[Stored data entries]

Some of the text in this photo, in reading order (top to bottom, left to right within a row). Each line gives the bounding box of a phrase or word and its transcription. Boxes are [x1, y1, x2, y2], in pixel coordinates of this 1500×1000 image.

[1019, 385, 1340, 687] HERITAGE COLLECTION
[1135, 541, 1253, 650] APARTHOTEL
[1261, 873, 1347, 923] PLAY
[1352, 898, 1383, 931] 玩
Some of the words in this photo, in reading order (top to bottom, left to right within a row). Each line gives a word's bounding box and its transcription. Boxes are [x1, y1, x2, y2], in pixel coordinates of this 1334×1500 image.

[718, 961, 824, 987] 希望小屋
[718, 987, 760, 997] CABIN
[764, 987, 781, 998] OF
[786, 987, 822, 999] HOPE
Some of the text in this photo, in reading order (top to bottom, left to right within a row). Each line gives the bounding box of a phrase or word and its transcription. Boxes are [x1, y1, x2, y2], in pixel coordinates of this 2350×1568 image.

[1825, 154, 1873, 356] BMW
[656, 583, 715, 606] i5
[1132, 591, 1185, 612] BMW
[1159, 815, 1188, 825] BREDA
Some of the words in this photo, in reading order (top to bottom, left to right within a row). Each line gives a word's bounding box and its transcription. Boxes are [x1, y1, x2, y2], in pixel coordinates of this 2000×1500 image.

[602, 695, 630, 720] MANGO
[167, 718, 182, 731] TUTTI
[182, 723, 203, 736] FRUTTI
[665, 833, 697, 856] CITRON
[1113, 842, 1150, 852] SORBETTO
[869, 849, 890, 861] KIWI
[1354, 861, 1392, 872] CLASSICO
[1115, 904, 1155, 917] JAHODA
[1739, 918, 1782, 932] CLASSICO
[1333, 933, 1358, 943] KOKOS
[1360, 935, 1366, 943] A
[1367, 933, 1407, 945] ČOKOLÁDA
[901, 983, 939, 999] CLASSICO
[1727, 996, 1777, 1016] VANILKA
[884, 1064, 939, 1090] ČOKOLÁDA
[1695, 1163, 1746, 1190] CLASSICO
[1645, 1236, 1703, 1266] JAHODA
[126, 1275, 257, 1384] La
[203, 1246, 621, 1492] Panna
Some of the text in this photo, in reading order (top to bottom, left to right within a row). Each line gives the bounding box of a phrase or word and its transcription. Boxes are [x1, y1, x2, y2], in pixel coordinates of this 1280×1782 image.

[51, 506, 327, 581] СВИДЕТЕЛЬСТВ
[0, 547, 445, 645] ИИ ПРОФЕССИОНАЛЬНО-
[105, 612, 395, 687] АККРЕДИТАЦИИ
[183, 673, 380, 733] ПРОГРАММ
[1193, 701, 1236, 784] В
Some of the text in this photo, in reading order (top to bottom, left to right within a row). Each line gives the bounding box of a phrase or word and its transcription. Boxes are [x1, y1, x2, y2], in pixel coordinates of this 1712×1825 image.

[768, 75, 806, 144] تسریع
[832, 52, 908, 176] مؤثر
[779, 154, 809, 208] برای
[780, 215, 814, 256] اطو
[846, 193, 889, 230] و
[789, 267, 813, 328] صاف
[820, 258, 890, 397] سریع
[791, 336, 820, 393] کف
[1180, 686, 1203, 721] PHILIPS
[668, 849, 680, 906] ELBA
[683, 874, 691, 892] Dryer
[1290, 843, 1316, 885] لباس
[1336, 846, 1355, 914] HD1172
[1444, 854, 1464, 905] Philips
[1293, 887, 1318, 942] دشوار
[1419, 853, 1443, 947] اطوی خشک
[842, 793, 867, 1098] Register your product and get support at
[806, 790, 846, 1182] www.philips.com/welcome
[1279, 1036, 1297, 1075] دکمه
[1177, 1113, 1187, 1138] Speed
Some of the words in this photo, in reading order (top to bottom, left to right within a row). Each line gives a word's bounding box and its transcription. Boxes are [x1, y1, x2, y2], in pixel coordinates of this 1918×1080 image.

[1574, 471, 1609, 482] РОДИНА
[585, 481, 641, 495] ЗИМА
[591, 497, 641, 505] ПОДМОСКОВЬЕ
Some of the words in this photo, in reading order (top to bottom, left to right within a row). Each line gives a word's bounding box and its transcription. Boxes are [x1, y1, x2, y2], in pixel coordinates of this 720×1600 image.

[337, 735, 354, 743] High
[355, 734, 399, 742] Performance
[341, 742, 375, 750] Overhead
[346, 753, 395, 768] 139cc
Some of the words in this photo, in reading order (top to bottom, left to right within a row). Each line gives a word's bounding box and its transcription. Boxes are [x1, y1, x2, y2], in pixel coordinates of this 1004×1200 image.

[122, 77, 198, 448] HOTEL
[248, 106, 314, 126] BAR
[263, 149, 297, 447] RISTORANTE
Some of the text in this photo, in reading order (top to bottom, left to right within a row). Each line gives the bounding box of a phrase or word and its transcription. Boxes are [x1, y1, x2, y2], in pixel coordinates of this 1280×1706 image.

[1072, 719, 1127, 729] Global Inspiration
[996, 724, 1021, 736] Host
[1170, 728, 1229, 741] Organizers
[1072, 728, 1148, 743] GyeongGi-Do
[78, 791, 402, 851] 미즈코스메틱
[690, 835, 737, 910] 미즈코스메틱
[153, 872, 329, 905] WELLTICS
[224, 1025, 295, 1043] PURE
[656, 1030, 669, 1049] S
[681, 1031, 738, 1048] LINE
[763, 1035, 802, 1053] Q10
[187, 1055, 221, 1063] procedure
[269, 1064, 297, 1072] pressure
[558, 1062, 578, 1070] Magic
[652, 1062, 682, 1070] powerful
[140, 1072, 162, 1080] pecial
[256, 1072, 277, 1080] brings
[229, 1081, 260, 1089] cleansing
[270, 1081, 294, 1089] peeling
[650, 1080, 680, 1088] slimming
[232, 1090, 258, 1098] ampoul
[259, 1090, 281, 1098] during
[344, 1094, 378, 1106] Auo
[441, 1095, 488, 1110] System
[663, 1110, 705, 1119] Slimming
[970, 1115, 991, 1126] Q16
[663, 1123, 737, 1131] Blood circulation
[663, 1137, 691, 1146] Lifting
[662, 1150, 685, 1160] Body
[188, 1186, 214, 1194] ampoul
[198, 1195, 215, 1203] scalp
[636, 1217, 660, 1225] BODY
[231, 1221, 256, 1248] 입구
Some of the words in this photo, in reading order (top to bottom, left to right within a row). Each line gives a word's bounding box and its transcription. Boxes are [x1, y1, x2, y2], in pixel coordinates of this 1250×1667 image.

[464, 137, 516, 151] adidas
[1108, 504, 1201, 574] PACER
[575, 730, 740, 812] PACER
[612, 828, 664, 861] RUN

> What needs to be done: Repeat exactly the lines from the one containing "this 1250×1667 image." to the end of the records.

> Written response:
Some of the words in this photo, in reading order (top to bottom, left to right within a row). Each line gives a word's bounding box and its transcription. Boxes are [x1, y1, x2, y2], in pixel coordinates of this 1250×1667 image.

[464, 137, 516, 151] adidas
[1108, 504, 1201, 574] PACER
[575, 730, 740, 812] PACER
[612, 828, 664, 861] RUN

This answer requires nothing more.